Introduction:
GDM affects 8–10% of pregnancies in Australia. Historically diagnosis of GDM in Australia has been derived from an ad hoc consensus. In 2013, RANZCOG working party recommended OGTT at 24-28 weeks and the adoption of 2013 WHO diagnostic criteria.
Aim:
To evaluate the effect of the implementation of new GDM fasting level guidelines on maternal and neonatal outcomes.
Design:
Retrospective Audit
Materials and Methods:
Perinatal database was utilised to collect the data from mothers diagnosed with GDM in 2015 with fasting BSL of 5.1, 5.2, 5.3, 5.4 to 5.5 mmol/l. Demographics included BMI and age of patients. Primary outcomes were management of GDM, mode of delivery, post-partum haemorrhage, perineal tear, shoulder dystocia. Secondary outcomes were neonatal birth weight, APGAR < 7 at 5 minutes and neonatal unit admission. Data was analysed with SPSS program.
Results:
151 patients were identified (35% of the total GDM patients diagnosed in 2015). The mean age calculated were 28.82 yrs and mean BMI was 32.6.

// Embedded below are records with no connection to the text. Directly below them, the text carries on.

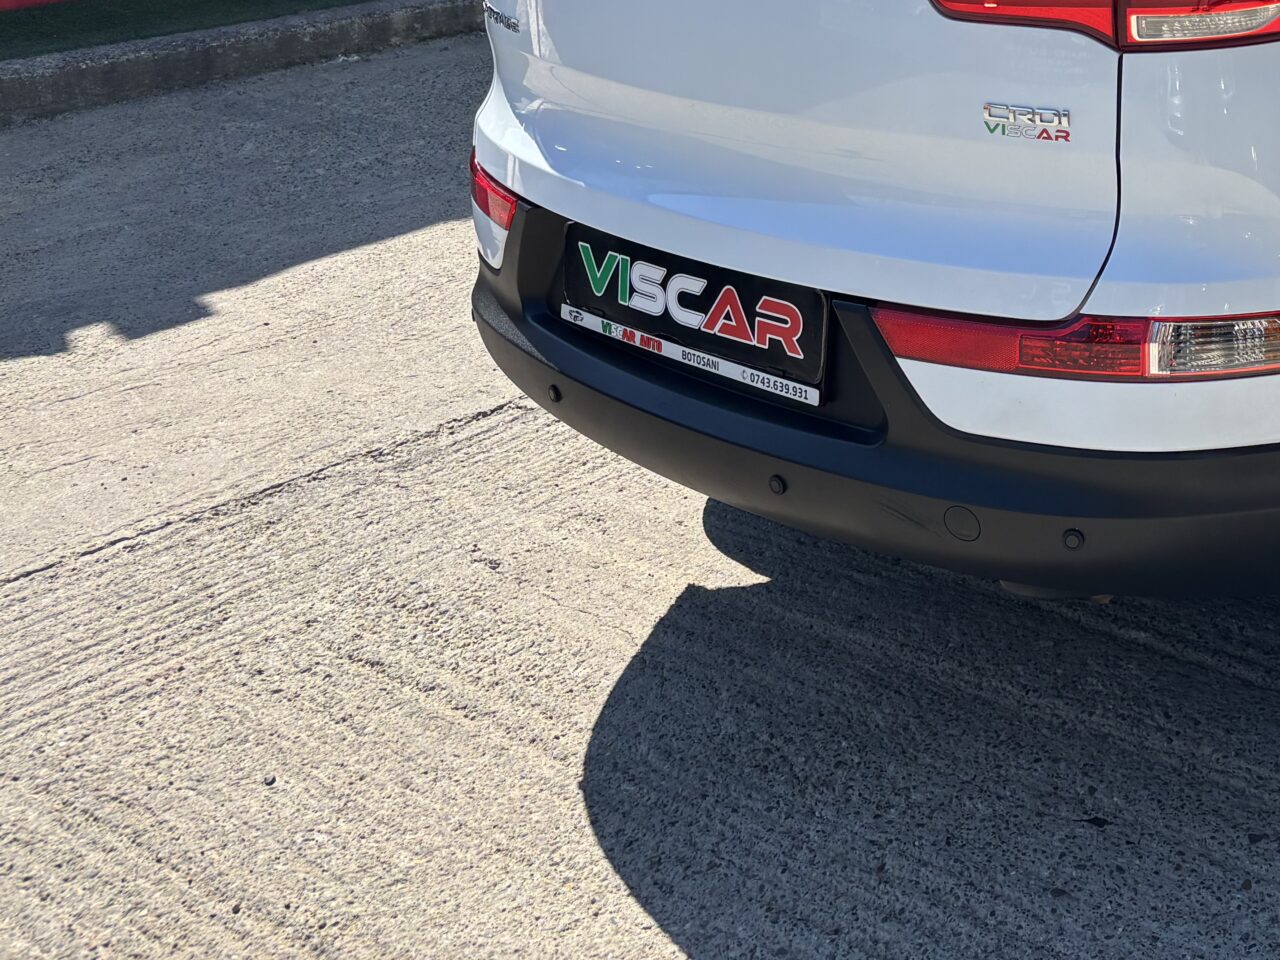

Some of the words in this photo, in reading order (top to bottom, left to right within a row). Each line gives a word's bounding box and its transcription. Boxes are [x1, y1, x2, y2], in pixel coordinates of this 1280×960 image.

[983, 120, 1071, 143] VISCAR
[578, 241, 804, 359] VISCAR
[601, 319, 637, 345] VISCAR
[639, 334, 663, 354] AUTO
[681, 349, 720, 372] BOTOSANI
[749, 372, 809, 400] 0743.639.931
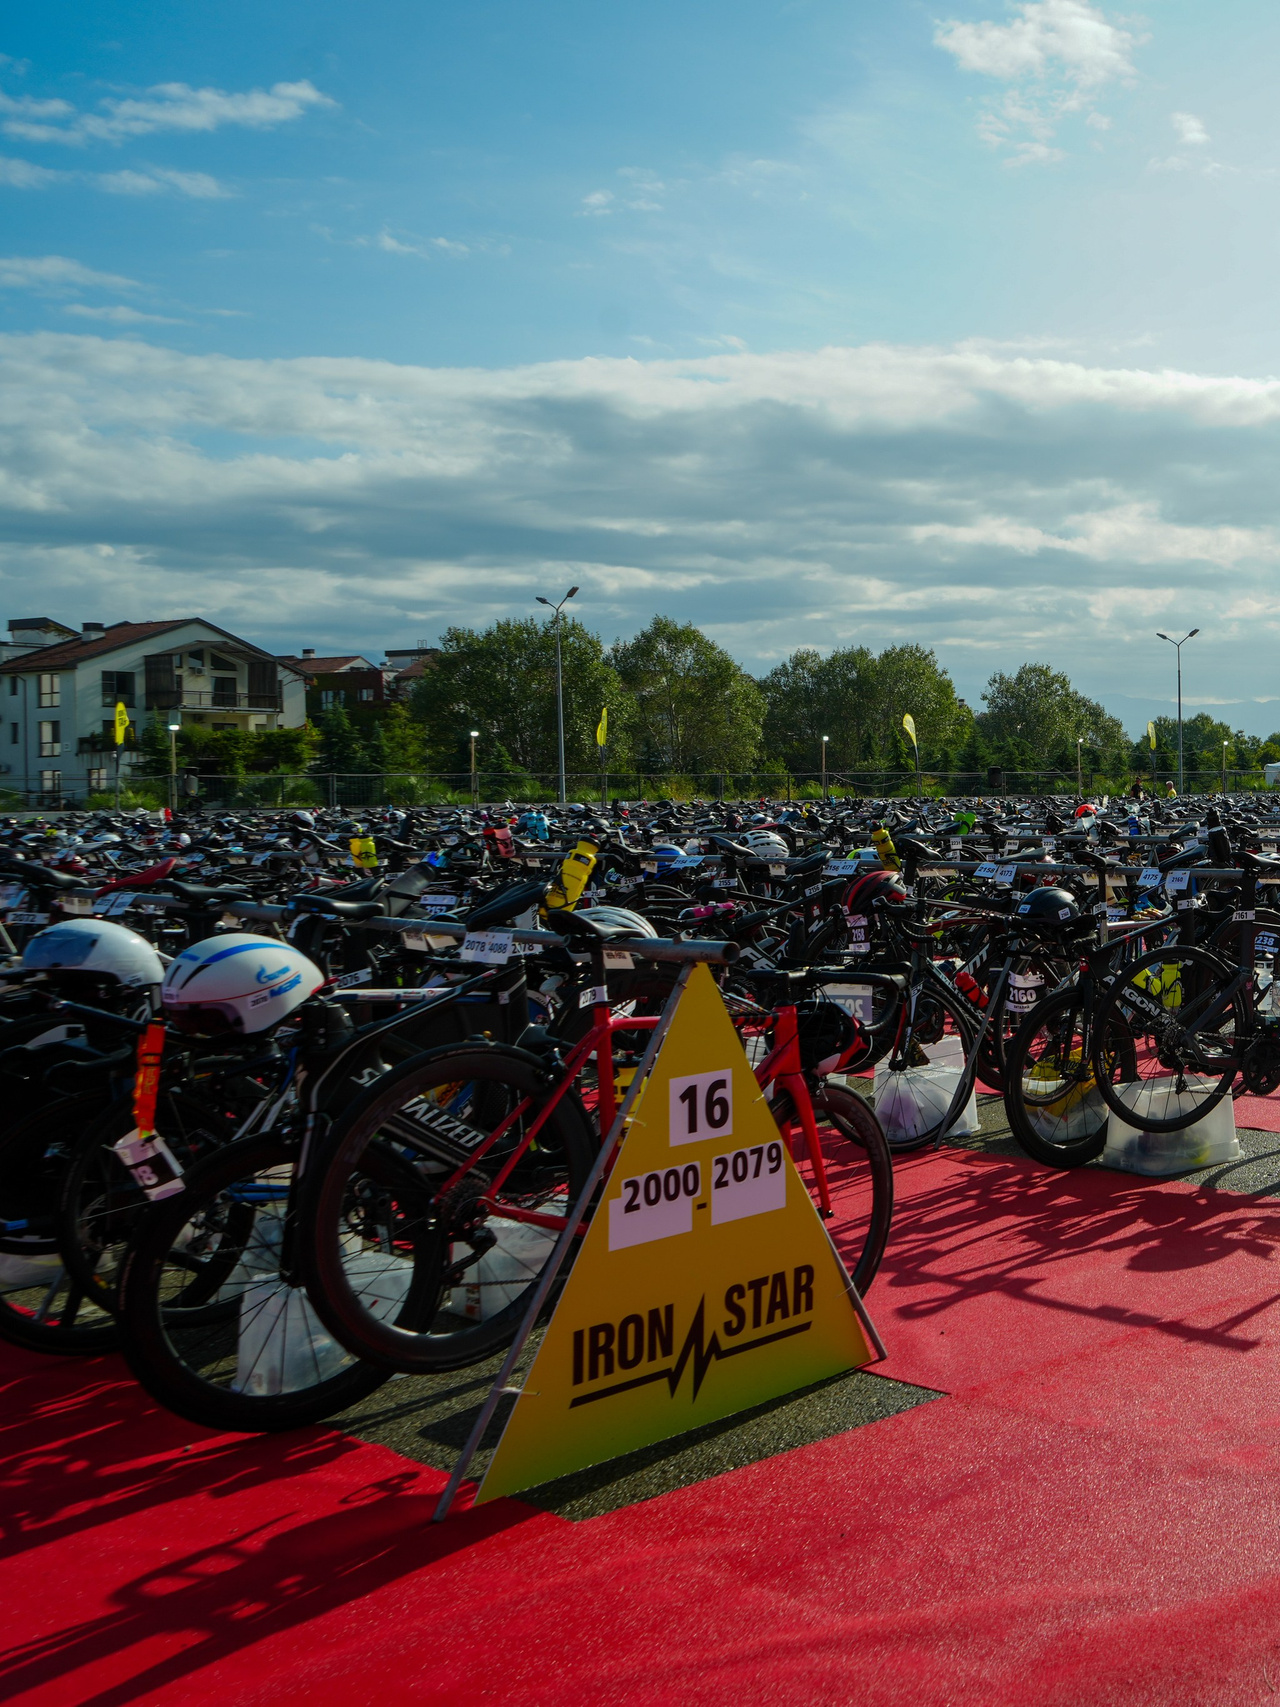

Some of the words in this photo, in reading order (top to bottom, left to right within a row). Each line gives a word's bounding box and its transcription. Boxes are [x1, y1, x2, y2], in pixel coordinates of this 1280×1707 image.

[852, 928, 866, 941] 2158
[465, 940, 485, 952] 2078
[337, 973, 360, 988] 2076
[1009, 986, 1036, 1003] 2160
[679, 1079, 729, 1134] 16
[624, 1164, 699, 1213] 2000
[714, 1142, 782, 1190] 2079
[573, 1304, 674, 1385] IRON
[723, 1265, 815, 1337] STAR

The proportion of participants on Metformin and insulin was higher in the BSL=5.5 group (p=0.03). There were no significant difference with mode of delivery (p=0.8), PPH >500mls (p=0.9), perineal tears (p=0.2) and shoulder dystocia (p=0.4) across the groups.

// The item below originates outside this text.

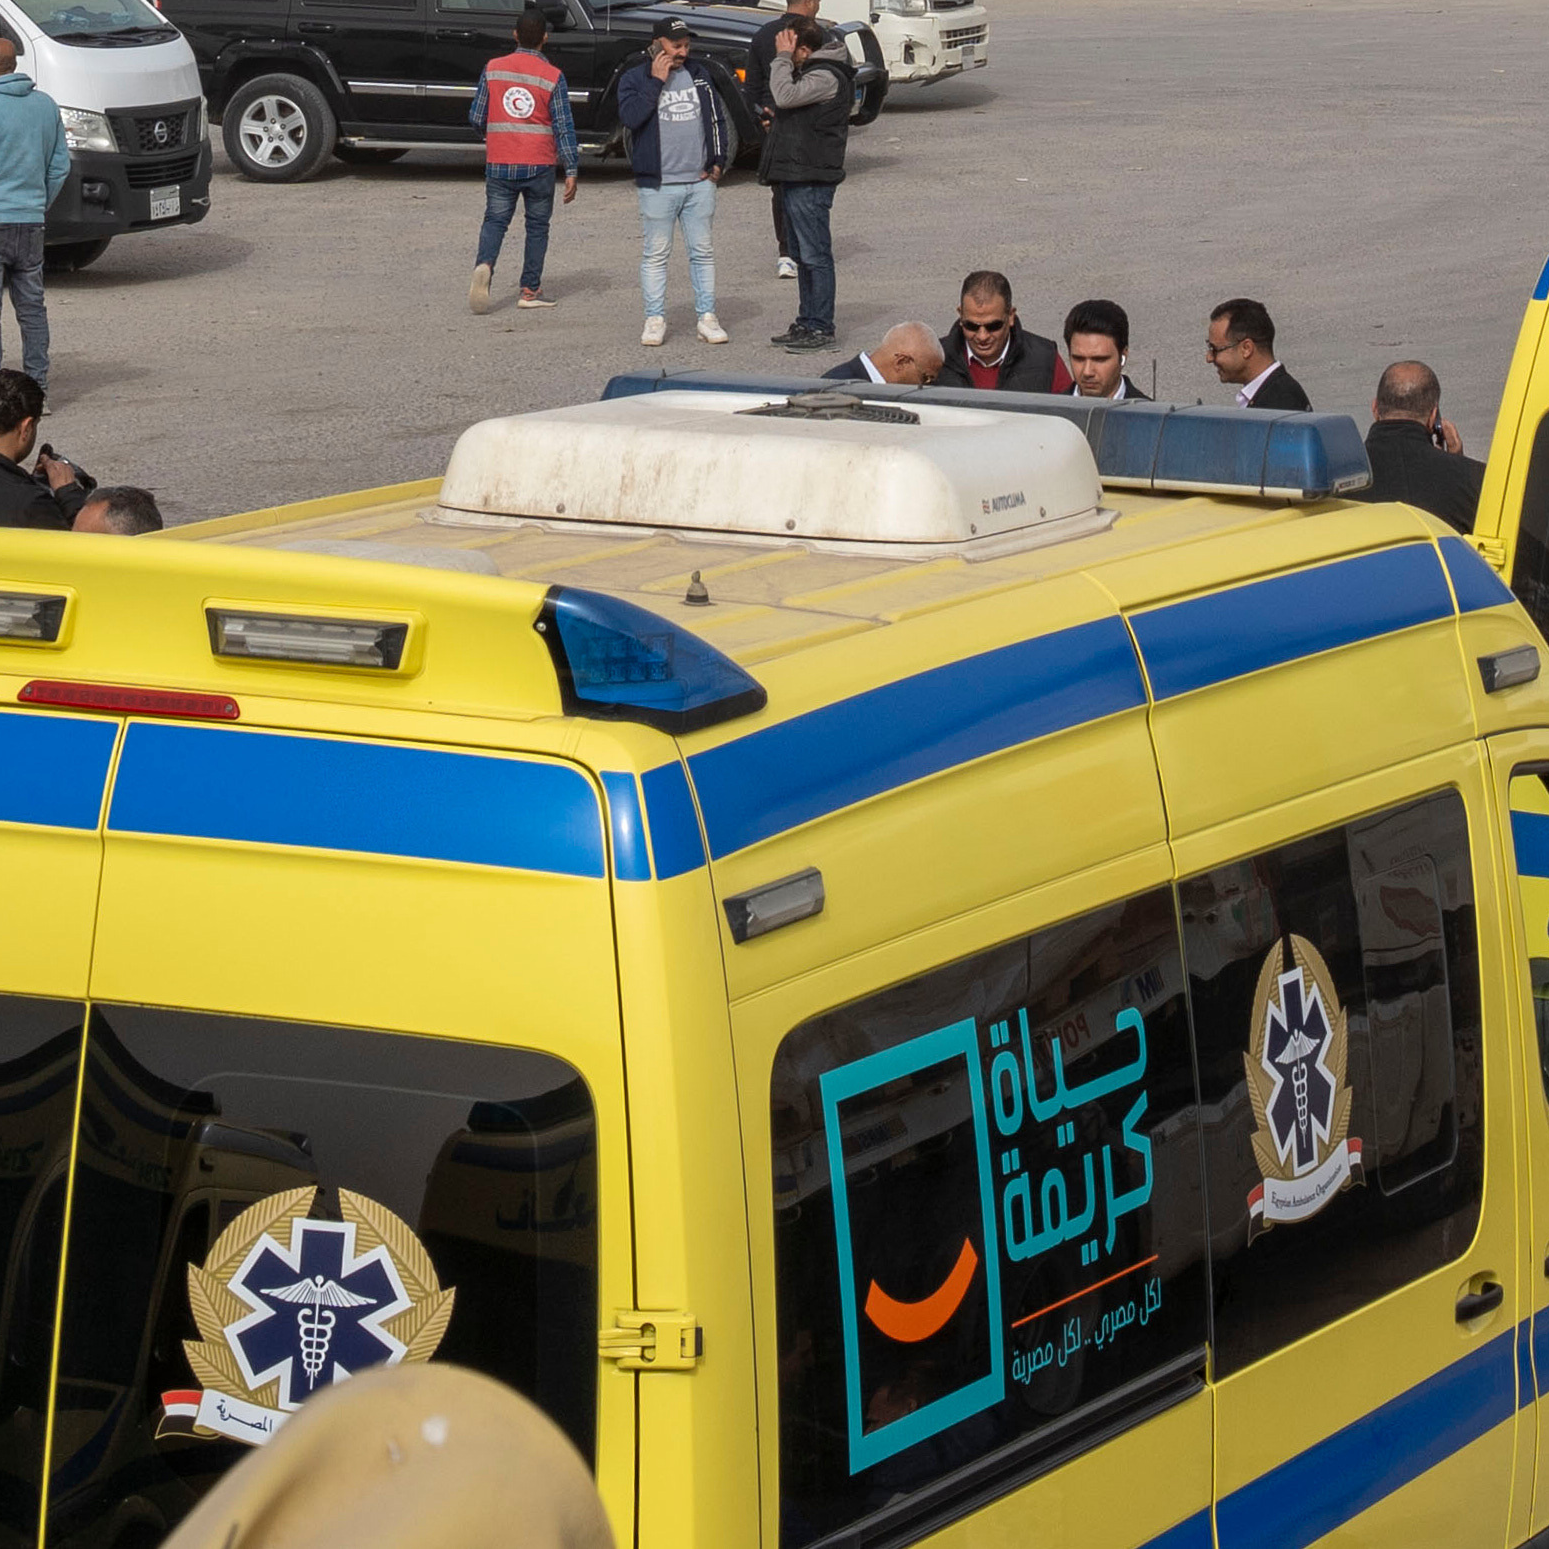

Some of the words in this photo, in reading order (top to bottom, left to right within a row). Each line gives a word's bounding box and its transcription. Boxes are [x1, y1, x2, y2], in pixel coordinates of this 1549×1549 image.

As for neonatal outcomes, mean birth weight was 3529grams (SD=545) with no significant difference between the groups (p=0.831). There were no calculated difference in APGAR p=0.2) and admission to neonatal unit (p=0.5) between the groups.
Conclusion:
Reduction in fasting blood sugar cut off significantly increased the number of women diagnosed with GDM. In our study, there is no trend within the group with regard to our maternal and neonatal outcome. However, patient with higher BSL were more likely to be treated with a combination of medications.